Records for processing: Begin
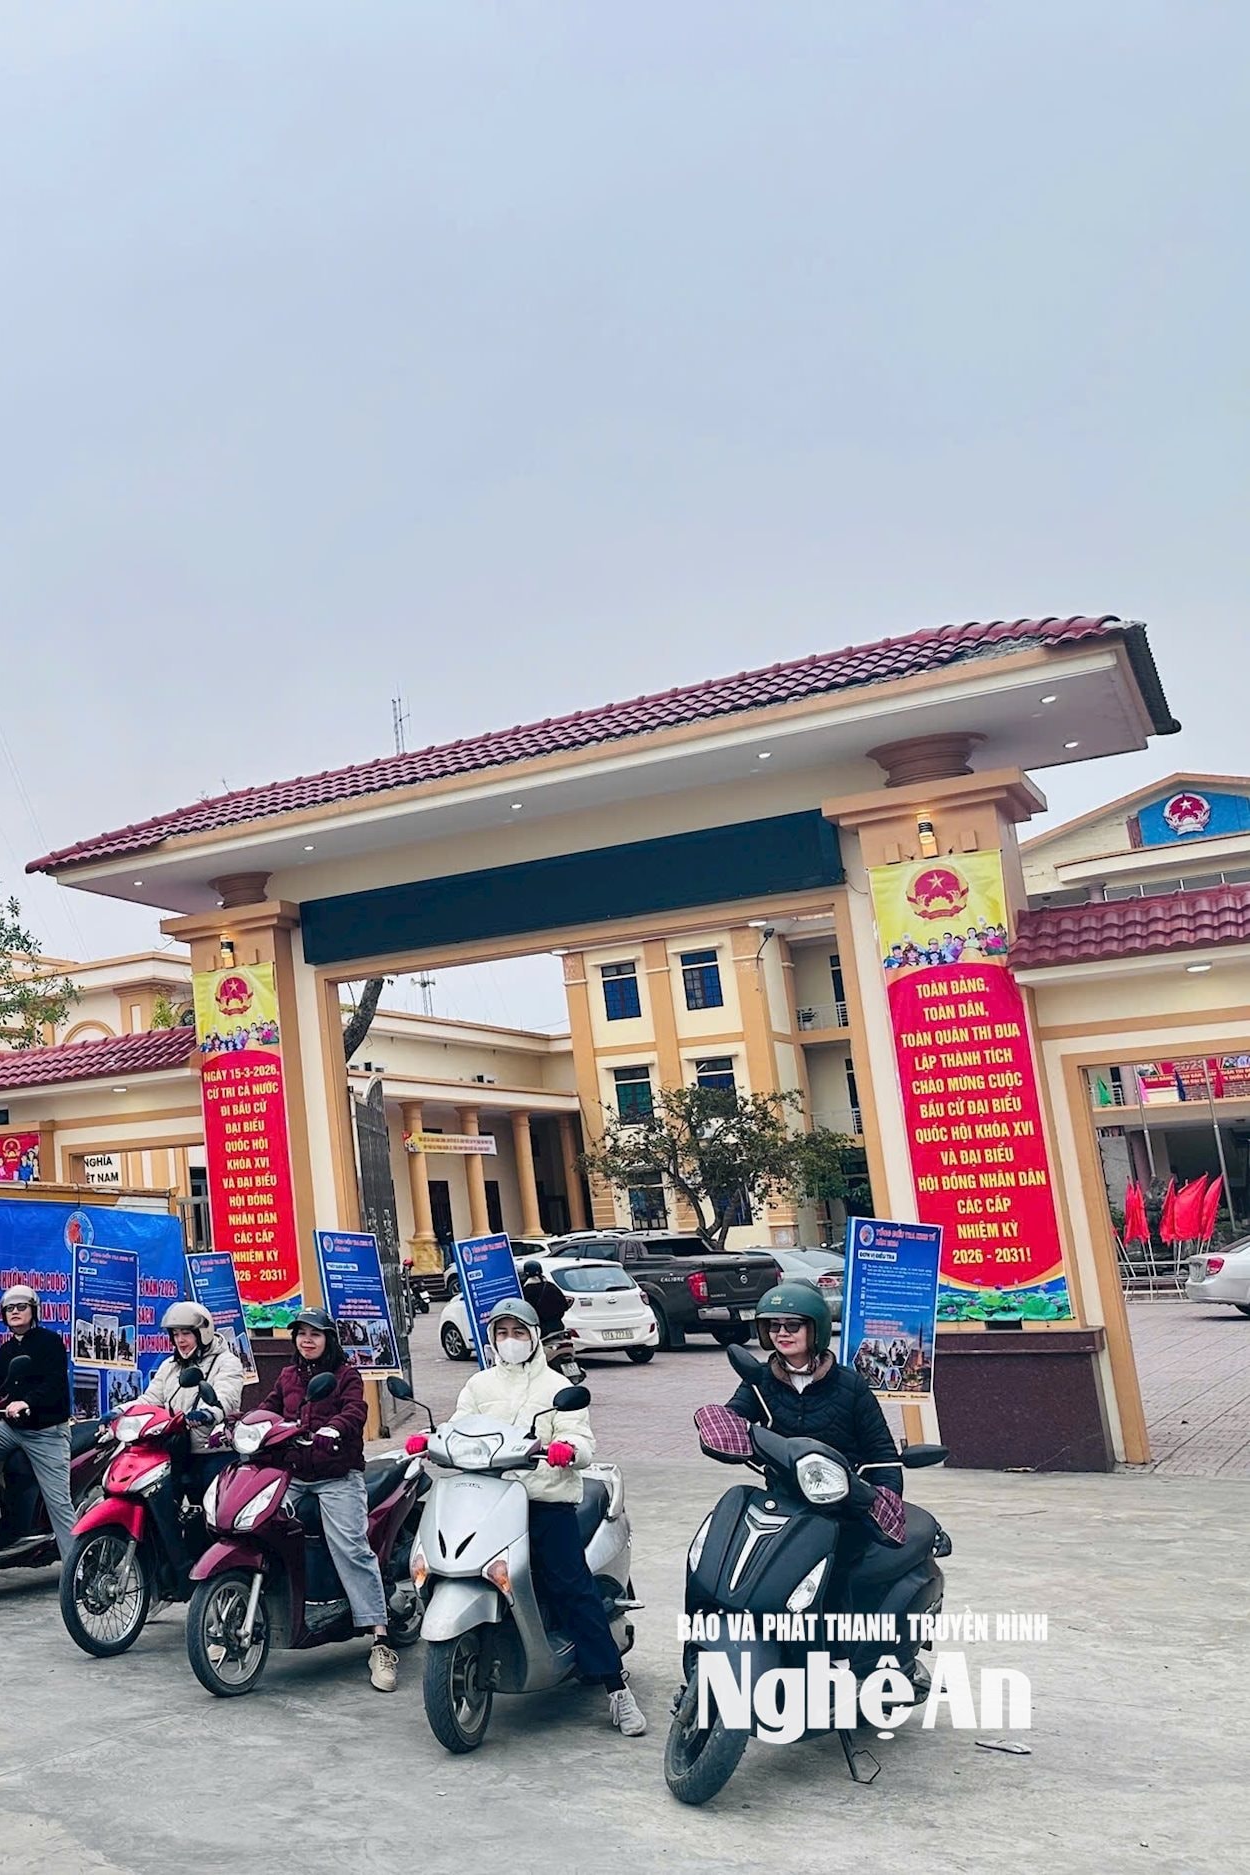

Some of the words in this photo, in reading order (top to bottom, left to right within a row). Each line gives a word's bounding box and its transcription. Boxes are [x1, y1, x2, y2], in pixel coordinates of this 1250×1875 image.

[916, 980, 948, 999] TOÀN
[950, 975, 990, 995] ĐẢNG,
[923, 1003, 956, 1022] TOÀN
[958, 1000, 989, 1018] DÂN,
[901, 1029, 932, 1048] TOÀN
[935, 1026, 970, 1046] QUÂN
[971, 1025, 992, 1041] THI
[994, 1022, 1021, 1039] ĐUA
[914, 1053, 937, 1073] LẬP
[939, 1050, 982, 1069] THÀNH
[983, 1046, 1013, 1065] TÍCH
[203, 1068, 227, 1082] NGÀY
[912, 1076, 945, 1095] CHÀO
[947, 1073, 985, 1092] MỪNG
[988, 1070, 1023, 1090] CUỘC
[207, 1085, 219, 1100] CỬ
[221, 1087, 235, 1098] TRI
[238, 1082, 250, 1097] CẢ
[252, 1081, 279, 1095] NƯỚC
[220, 1105, 230, 1116] ĐI
[253, 1098, 267, 1113] CỬ
[919, 1098, 945, 1119] BẦU
[947, 1096, 965, 1117] CỬ
[967, 1099, 989, 1118] ĐẠI
[992, 1091, 1022, 1113] BIỂU
[225, 1122, 241, 1136] ĐẠI
[243, 1116, 265, 1132] BIỂU
[915, 1122, 948, 1144] QUỐC
[950, 1122, 972, 1143] HỘI
[975, 1120, 1010, 1139] KHÓA
[1012, 1120, 1035, 1137] XVI
[225, 1136, 250, 1153] QUỐC
[252, 1137, 268, 1152] HỘI
[227, 1156, 252, 1170] KHÓA
[254, 1157, 270, 1168] XVI
[940, 1148, 958, 1166] VÀ
[959, 1149, 982, 1168] ĐẠI
[984, 1142, 1014, 1163] BIỂU
[97, 1172, 119, 1183] NAM
[222, 1176, 235, 1189] VÀ
[236, 1176, 253, 1190] ĐẠI
[255, 1171, 277, 1187] BIỂU
[917, 1173, 939, 1194] HỘI
[941, 1170, 977, 1190] ĐỒNG
[979, 1169, 1015, 1188] NHÂN
[1018, 1168, 1047, 1186] DÂN
[229, 1193, 245, 1209] HỘI
[247, 1191, 274, 1206] ĐỒNG
[957, 1196, 983, 1214] CÁC
[986, 1192, 1011, 1213] CẤP
[228, 1212, 255, 1226] NHÂN
[257, 1211, 278, 1224] DÂN
[234, 1229, 253, 1244] CÁC
[255, 1227, 275, 1243] CẤP
[957, 1220, 999, 1242] NHIỆM
[1002, 1219, 1019, 1237] KỲ
[233, 1249, 264, 1264] NHIỆM
[266, 1248, 279, 1262] KỲ
[952, 1248, 984, 1264] 2026
[994, 1247, 1032, 1263] 2031!
[235, 1270, 251, 1281] 026
[259, 1268, 287, 1282] 2031!
[159, 1278, 179, 1298] 2026
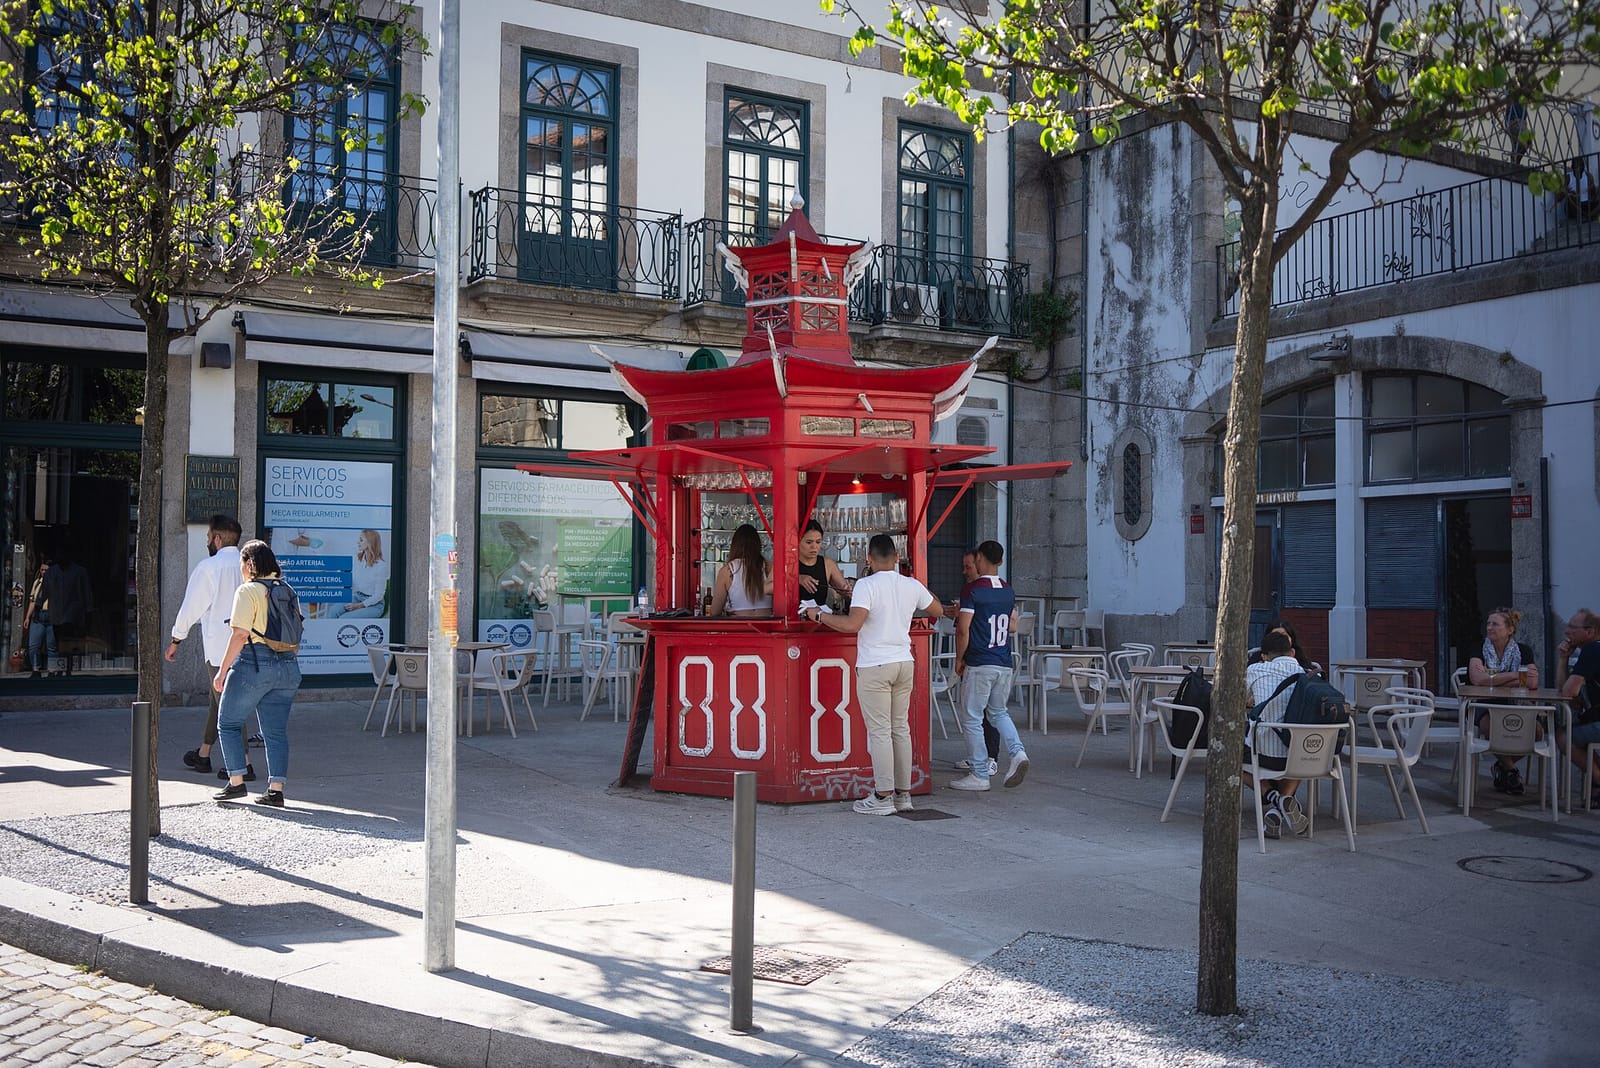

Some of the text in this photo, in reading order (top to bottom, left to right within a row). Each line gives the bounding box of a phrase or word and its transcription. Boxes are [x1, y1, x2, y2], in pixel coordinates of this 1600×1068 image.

[271, 465, 347, 484] SERVIÇOS
[271, 480, 345, 499] CLÍNICOS
[487, 492, 567, 505] DIFERENCIADOS
[271, 509, 351, 518] MEÇA REGULARMENTE!
[988, 613, 1009, 648] 18
Records for processing: End
> **The task**
Quote the material exactly. Pictures stay out.

> **Answer area**
Some of the words in this photo, in reading order (top to bottom, left to right within a row). Each line gives a word's bounding box and its transcription. Boxes are [x1, y1, x2, y2], in pixel coordinates of this 1250×1875 image.

[916, 980, 948, 999] TOÀN
[950, 975, 990, 995] ĐẢNG,
[923, 1003, 956, 1022] TOÀN
[958, 1000, 989, 1018] DÂN,
[901, 1029, 932, 1048] TOÀN
[935, 1026, 970, 1046] QUÂN
[971, 1025, 992, 1041] THI
[994, 1022, 1021, 1039] ĐUA
[914, 1053, 937, 1073] LẬP
[939, 1050, 982, 1069] THÀNH
[983, 1046, 1013, 1065] TÍCH
[203, 1068, 227, 1082] NGÀY
[912, 1076, 945, 1095] CHÀO
[947, 1073, 985, 1092] MỪNG
[988, 1070, 1023, 1090] CUỘC
[207, 1085, 219, 1100] CỬ
[221, 1087, 235, 1098] TRI
[238, 1082, 250, 1097] CẢ
[252, 1081, 279, 1095] NƯỚC
[220, 1105, 230, 1116] ĐI
[253, 1098, 267, 1113] CỬ
[919, 1098, 945, 1119] BẦU
[947, 1096, 965, 1117] CỬ
[967, 1099, 989, 1118] ĐẠI
[992, 1091, 1022, 1113] BIỂU
[225, 1122, 241, 1136] ĐẠI
[243, 1116, 265, 1132] BIỂU
[915, 1122, 948, 1144] QUỐC
[950, 1122, 972, 1143] HỘI
[975, 1120, 1010, 1139] KHÓA
[1012, 1120, 1035, 1137] XVI
[225, 1136, 250, 1153] QUỐC
[252, 1137, 268, 1152] HỘI
[227, 1156, 252, 1170] KHÓA
[254, 1157, 270, 1168] XVI
[940, 1148, 958, 1166] VÀ
[959, 1149, 982, 1168] ĐẠI
[984, 1142, 1014, 1163] BIỂU
[97, 1172, 119, 1183] NAM
[222, 1176, 235, 1189] VÀ
[236, 1176, 253, 1190] ĐẠI
[255, 1171, 277, 1187] BIỂU
[917, 1173, 939, 1194] HỘI
[941, 1170, 977, 1190] ĐỒNG
[979, 1169, 1015, 1188] NHÂN
[1018, 1168, 1047, 1186] DÂN
[229, 1193, 245, 1209] HỘI
[247, 1191, 274, 1206] ĐỒNG
[957, 1196, 983, 1214] CÁC
[986, 1192, 1011, 1213] CẤP
[228, 1212, 255, 1226] NHÂN
[257, 1211, 278, 1224] DÂN
[234, 1229, 253, 1244] CÁC
[255, 1227, 275, 1243] CẤP
[957, 1220, 999, 1242] NHIỆM
[1002, 1219, 1019, 1237] KỲ
[233, 1249, 264, 1264] NHIỆM
[266, 1248, 279, 1262] KỲ
[952, 1248, 984, 1264] 2026
[994, 1247, 1032, 1263] 2031!
[235, 1270, 251, 1281] 026
[259, 1268, 287, 1282] 2031!
[159, 1278, 179, 1298] 2026

Some of the text in this photo, in reading order (top to bottom, left to right within a row). Each line gives the bounding box of a phrase or word and its transcription. Boxes are [x1, y1, x2, y2], in pixel coordinates of this 1600×1068 image.

[271, 465, 347, 484] SERVIÇOS
[271, 480, 345, 499] CLÍNICOS
[487, 492, 567, 505] DIFERENCIADOS
[271, 509, 351, 518] MEÇA REGULARMENTE!
[988, 613, 1009, 648] 18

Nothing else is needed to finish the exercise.